If your birthday is this week:   Your invention of a McGriddle that’s injected with fried cheese instead of syrup, makes millions of people overweight and vulnerable to heart disease.  Fortunately, counting your billions of dollars takes up most of your time, so you don’t worry.

Aries:  The stars say, close the door.  It’s cold.

Taurus:  This week, romance will finally enter your life.  Just make sure you’re out of the room when your roommate’s girlfriend comes over.  You’ll never sleep with all that sex noise anyway.

Gemini:   This week, you’ll find Jesus.  He’s on hole 7 of  a miniature golf course.

Lemini:   Your car will be destroyed in a horrible accident.  Fortunately, you won’t be inside it at the time.  Unfortunately, it will land on you.

Cancer:   You’ll bake some muffins this week.  Nice.

Leo:   Your Cancer roommate bakes your cocaine stash into some muffins.  Nice.

Virgo:   The stars say, no matter how many times you watch the newest Star Wars Trilogy, it’s not going to get any better.

Libra:   You’ll poop your pants during an important meeting.  The good news?  It was a boring meeting up until that point.

Scorpio:   This week, you’ll discover that sex with animals is wrong.  And that dolphin will never stop calling you now.

Sagittarius:   Your impromptu kickball game amongst your hipster friends goes horrible wrong when people start enjoying on a non-ironic basis.

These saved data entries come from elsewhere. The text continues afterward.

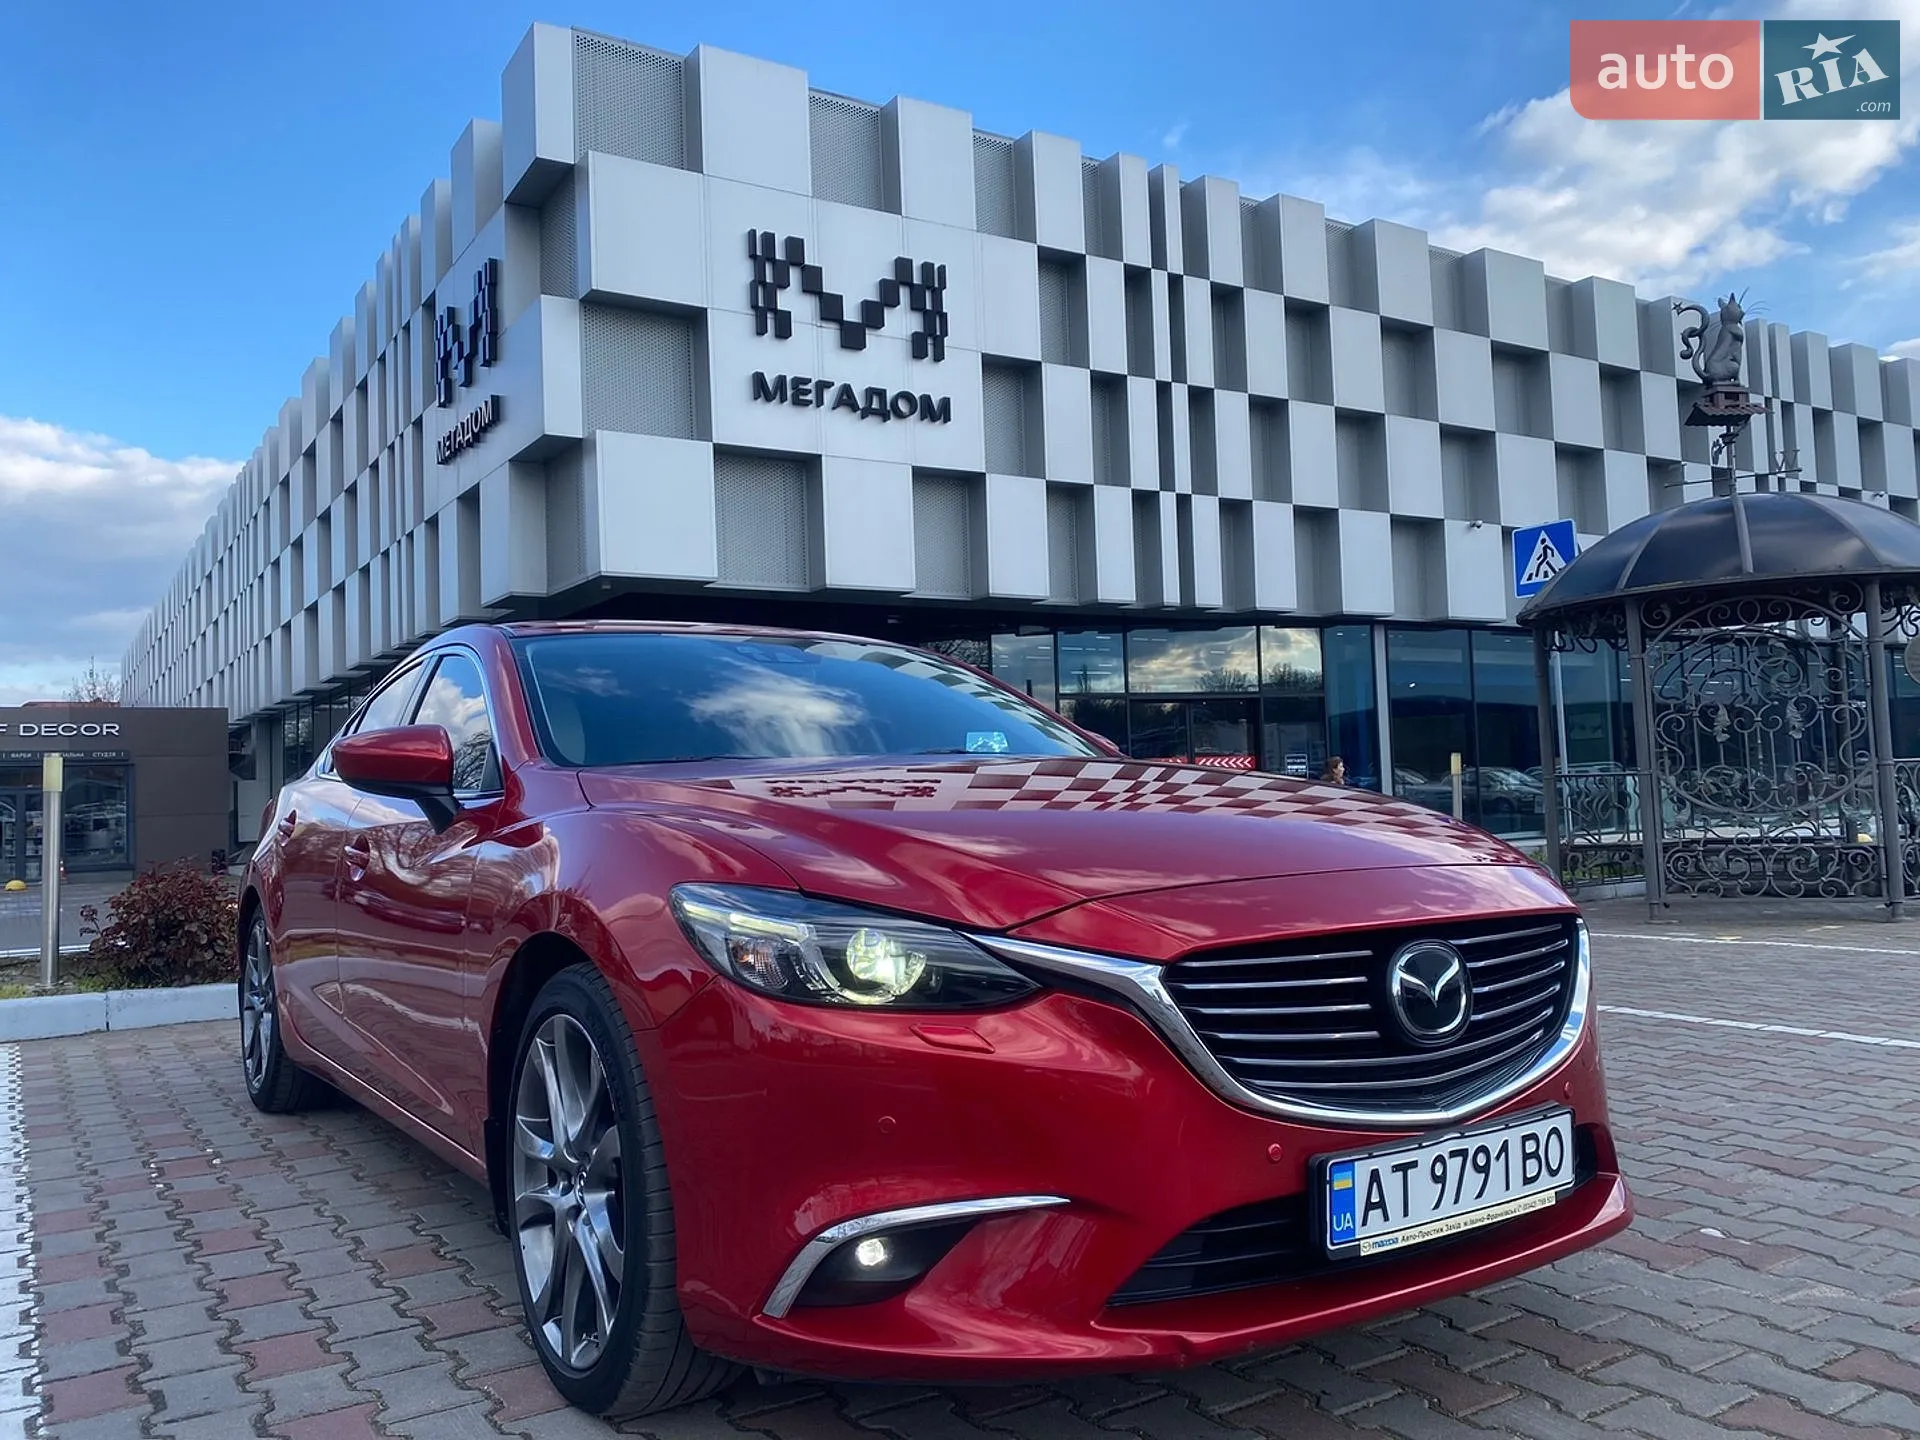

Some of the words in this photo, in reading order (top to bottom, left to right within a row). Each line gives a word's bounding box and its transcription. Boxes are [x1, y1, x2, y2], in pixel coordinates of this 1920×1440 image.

[752, 370, 952, 425] МЕГАДОМ
[436, 394, 500, 465] МЕГАДОМ
[19, 723, 120, 736] DECOR
[1333, 1213, 1354, 1232] UA
[1361, 1160, 1419, 1227] AT
[1430, 1139, 1511, 1211] 9791
[1521, 1126, 1564, 1187] BO
[1372, 1237, 1399, 1249] mazda
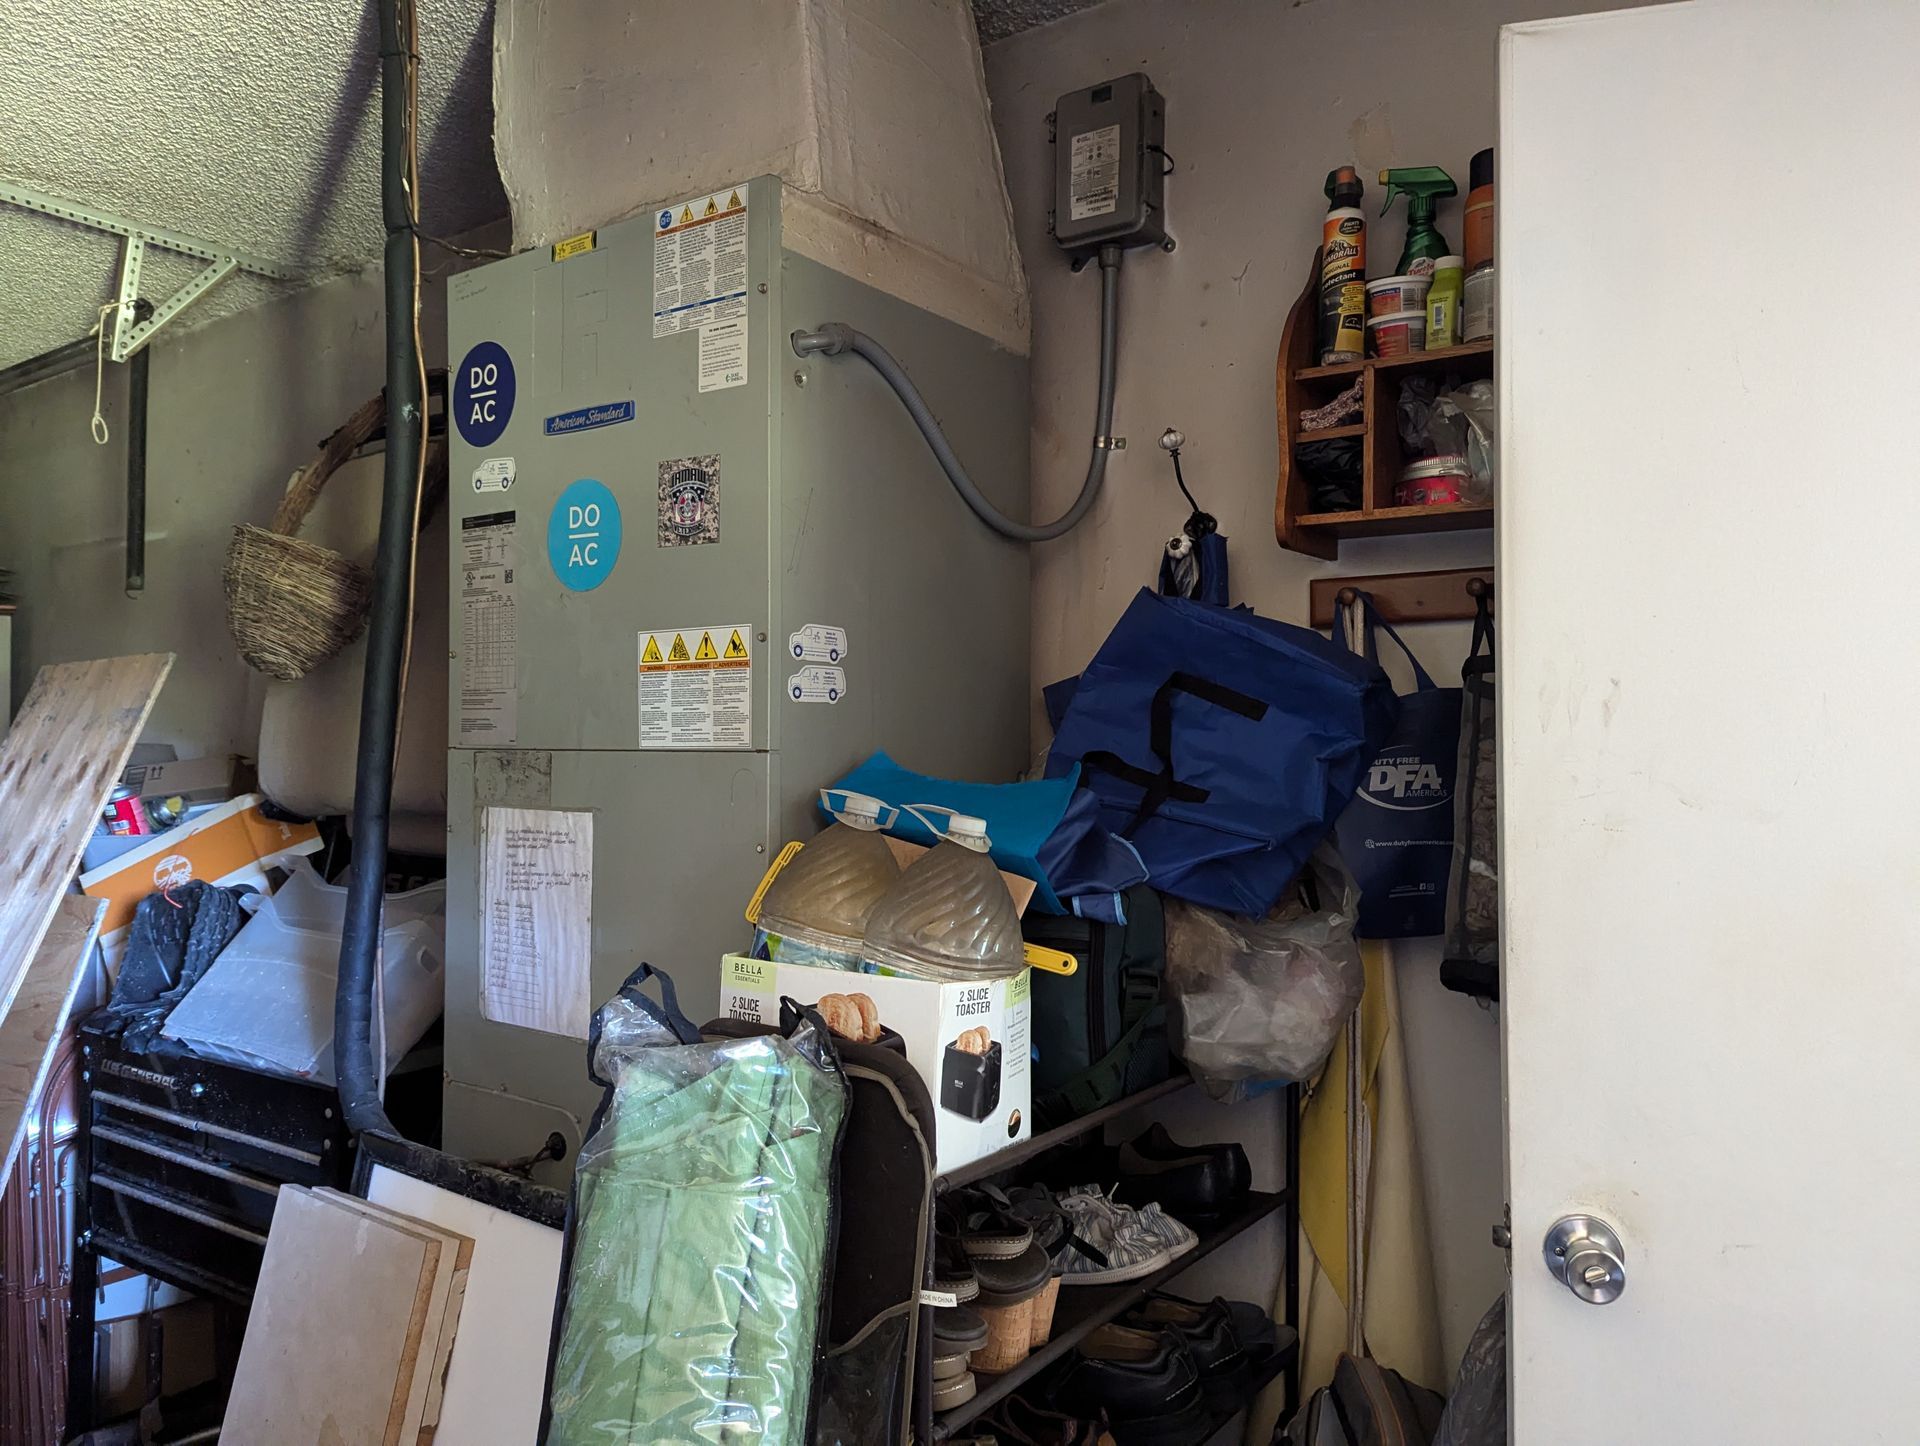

Capricorn:   Your pizza will be late, but your meth-addicted pizzaman won’t care.  Just tip him and get him the Hell out of there.

Aquarius:   The idea of a beer can war sounded hilarious, but after a broken window, several dozen bruises and a broken nose, you vow to use Koosh balls next time.

Pisces:  The stars say, go ahead and stiff that waiter on the tip.  Not only does his service suck, he pulled most of your dinner from the dumpster anyway.